Since Helvetica isn’t a Windows standard font, you don’t see Helvetica as much any more. And there’s the opening for making a poster that is clean, readable, but ever so slightly distinctive. You can easily buy Helvetica online. (Other fonts providers are available.)

If you’re one of those who thinks Helvetica is too clinical, there are many other sans serif fonts to pick from. How about Univers or Futura?

Of course, I’ve used Helvetica as just one example. If you like serif fonts, how about trying something like Garamond or Baskerville instead of Times New Roman? (Actually, Alley recommends against Garamond, arguing it is too fine. I generally agree that san serif fonts generally suit posters better, but that is a topic post for another time.)

There are thousands of fonts out there to choose from. Picking one good, solid, simple, readable font that 95% of the other presenters won’t have on their computers might be a good investment and one of those little subtle tweaks that helps to move a poster from good to gorgeous.

(Additional note to typography purists: I just learned that I am probably using “font” in this article when I probably mean “typeface,” or vice versa.
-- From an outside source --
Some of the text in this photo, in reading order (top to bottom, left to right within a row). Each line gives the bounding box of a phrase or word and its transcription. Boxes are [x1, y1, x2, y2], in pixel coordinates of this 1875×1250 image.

I'll try to do better in future.)


Alley M. 2003. The Craft of Scientific Presentations: Critical Steps to Succeed and Critical Errors to Avoid. Springer: New York. Website.

Related links

Cure for the Common Font, a Flickr photostream of How magazine article

09 April 2009

The importance of alignment

If anyone learns just one thing from this blog, I hope it is this:

Make a grid.

Let’s look at this award-winning poster, found at Creating Effective Poster Presentations. (Click to enlarge.)

There is much to like about this poster, but the layout could be better. Let’s look at it with a few gridlines superimposed. For best effect, click on the image to open it at a larger size. I’ve added these gridlines by hand to try to align to what is actually on the poster, and not put on a mathematically regular, even grid. A few arrowheads call attention to some of the errors that pop once the gridlines are added.
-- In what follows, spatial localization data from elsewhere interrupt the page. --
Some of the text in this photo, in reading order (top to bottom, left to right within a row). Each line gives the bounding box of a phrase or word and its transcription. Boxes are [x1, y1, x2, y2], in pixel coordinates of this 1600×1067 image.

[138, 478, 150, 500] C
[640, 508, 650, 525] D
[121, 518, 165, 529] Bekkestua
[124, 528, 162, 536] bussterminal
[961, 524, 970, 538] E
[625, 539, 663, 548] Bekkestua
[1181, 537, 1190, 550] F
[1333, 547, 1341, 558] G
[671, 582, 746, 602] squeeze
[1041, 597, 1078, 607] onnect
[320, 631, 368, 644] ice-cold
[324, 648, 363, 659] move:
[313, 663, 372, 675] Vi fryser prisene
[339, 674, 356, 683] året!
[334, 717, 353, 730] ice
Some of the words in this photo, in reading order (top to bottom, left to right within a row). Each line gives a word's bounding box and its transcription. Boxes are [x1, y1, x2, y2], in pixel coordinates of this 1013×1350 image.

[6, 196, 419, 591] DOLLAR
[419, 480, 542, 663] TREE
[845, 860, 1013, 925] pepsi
The Introduction and the Objective paragraphs don’t align. The histological pictures don’t align with their column’s text. The Conclusion and Acknowledgments paragraphs don’t align. The tops of the three columns don’t align. The top graph in the middle column is wider than the one below. The right column is wider than the left.

This poster shows every indication of being created in PowerPoint. I’ve seen it many times before. This sort of poor alignment is a typical outcome of using PowerPoint to make posters, because it does not provide a simple way to create new grids apart from those provided for projected slides.
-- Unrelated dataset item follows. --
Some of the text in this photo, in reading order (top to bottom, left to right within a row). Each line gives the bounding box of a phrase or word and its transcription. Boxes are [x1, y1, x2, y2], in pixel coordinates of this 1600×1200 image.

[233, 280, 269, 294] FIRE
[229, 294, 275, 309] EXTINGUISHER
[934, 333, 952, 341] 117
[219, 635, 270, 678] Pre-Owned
Lining things up is at the core of typesetting and layout. It is the heart and soul of the craft. Failing to do so makes a poster scream, “Amateur hour.”

Related link

Designing with Grid-Based Approach, from Smashing Magazine

02 April 2009

Type choices

As a scientist, I value the empirical approach. So I read this post in the Comm Comm blog with interest. It refers to PowerPoint, but some principles that apply to projected slides should also apply to posters.

I was particularly struck by the claim that two typefaces are just flat out better than others. Gill Sans and Souvenir Lt are, apparently, are professional, comfortable to read, and interesting. Now, I like Gill Sans (pictured), but I disagree with the finality and certitude of Jennifer Kammeyer’s conclusion:

So what we learn from the research is... Use Gill Sans or Souvenir Lt font

These recommendations are not opinions, but rather facts based on research done by academics following rigorous protocols.

On his Ask E.T. forum, Edward Tufte wrote about the problems of this ostensibly empirical approach:

(W)hat did it matter if some students in freshman psychology in Iowa preferred one clunky font compared to another clunky font in an experiment conducted by a teaching assistant?

There are thousands of typefaces that have been designed over centuries. This paper tested ten. This sort of research does not definitively support the conclusion that These Are The Typefaces Thou Shalt Use™.